Things to Know Before You Visit Paris — A First-Timer's Guide
Traveling to Paris for the first time? Lucky you! As someone who has visited many times, I know on paper it can see a bit overwhelming. Here is everything you need to know before you visit the magnificent city of lights — a first-timer’s guide!
ALSO DON’T MISS 8 THINGS YOU ABSOLUTELY CANNOT MISS IN PARIS (MY MOST POPULAR BLOG POST!)
WHEN TO VISIT
Paris is truly wonderful year round (even during winter!), so it depends on what kind of trip you are looking for. For detailed information on Paris during each season, see The Best Time to Visit Paris.
HOW LONG TO VISIT FOR
As someone who continues to go back to Paris over and over again, there really is no amount of time that is too long to visit! There are endless things to see and do and one could never bore of this magical city. At the very least, plan for three days. You won’t see everything (not even close) but you will get a good taste of it.
GETTING TO PARIS
Paris has two international airports, Charles de Gaulle, the largest, and Orly.
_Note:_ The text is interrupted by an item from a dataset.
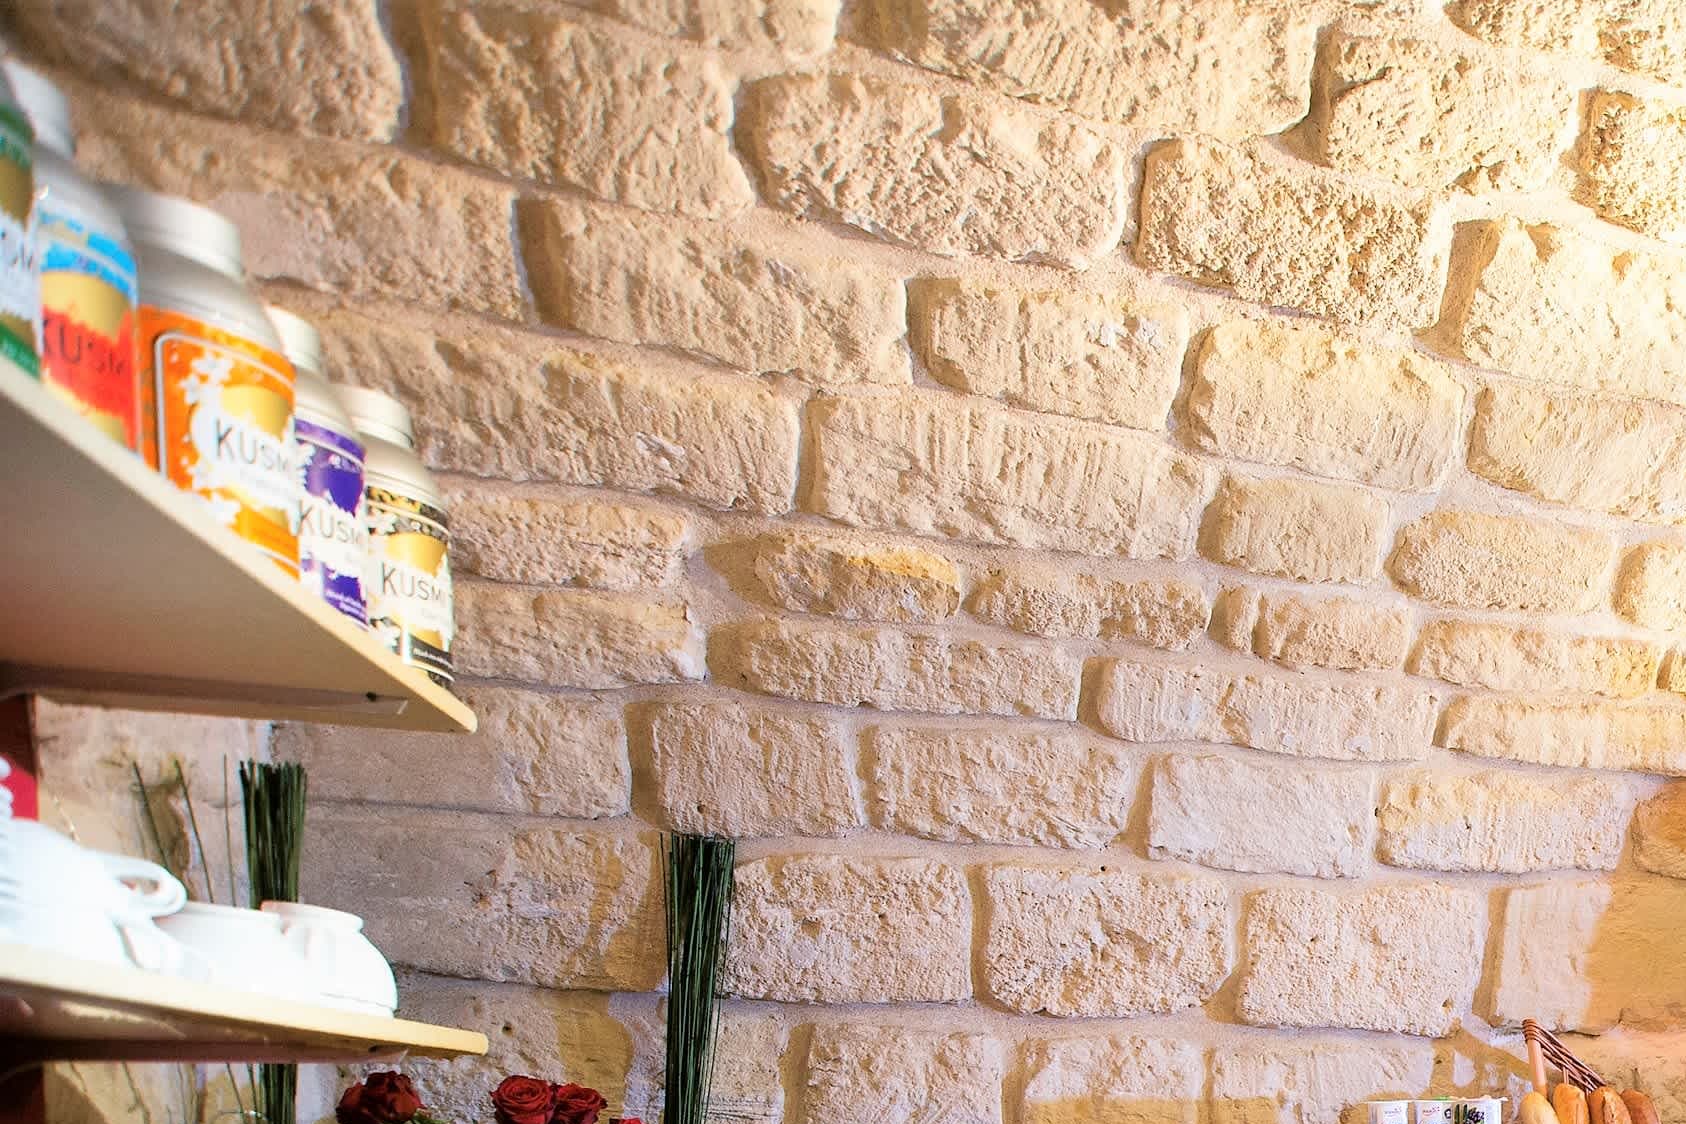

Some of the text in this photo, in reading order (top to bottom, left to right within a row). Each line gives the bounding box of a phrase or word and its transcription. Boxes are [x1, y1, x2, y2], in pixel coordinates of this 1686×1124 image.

[216, 417, 290, 472] KUSM
[297, 498, 364, 545] KUSM
[380, 561, 442, 603] KUSM
Charles de Gaulle is located 23 km north of the city. Public transportation from CDG to central Paris is easy via the RER train. This will take you from the airport to the city where you can then transfer to the Metro in order to reach your final destination. More expensive but certainly less of a hassle, Uber is available in Paris (use code “kbae3” to get your first ride for free!).
Orly Airport is 14 km south of the city. From here you can take the Orlyval shuttle train to the RER station, then follow the same as above. Again, if you are tired and looking to get to your destination as quickly as possible, call an Uber!
You can also get to Paris via train. Each train station is reachable by Metro line, so once you arrive you can hop over to the Metro to get to your final destination.
GETTING AROUND IN PARIS
Getting around in Paris is very easy thanks to their wonderful Metro system! It takes you basically anywhere you want to go and is incredibly easy to understand, even if you are English speaking only.
Tickets to the Metro are sold as singles, in books of ten, as a day pass, and more. What you buy will depend largely on what you plan to do. Because I spend most of my time actually in the city (within what the Metro system refers to as “Zone 1”) and I do a ton of walking, for me the most logical thing is buying single tickets. Each ride is €1,90.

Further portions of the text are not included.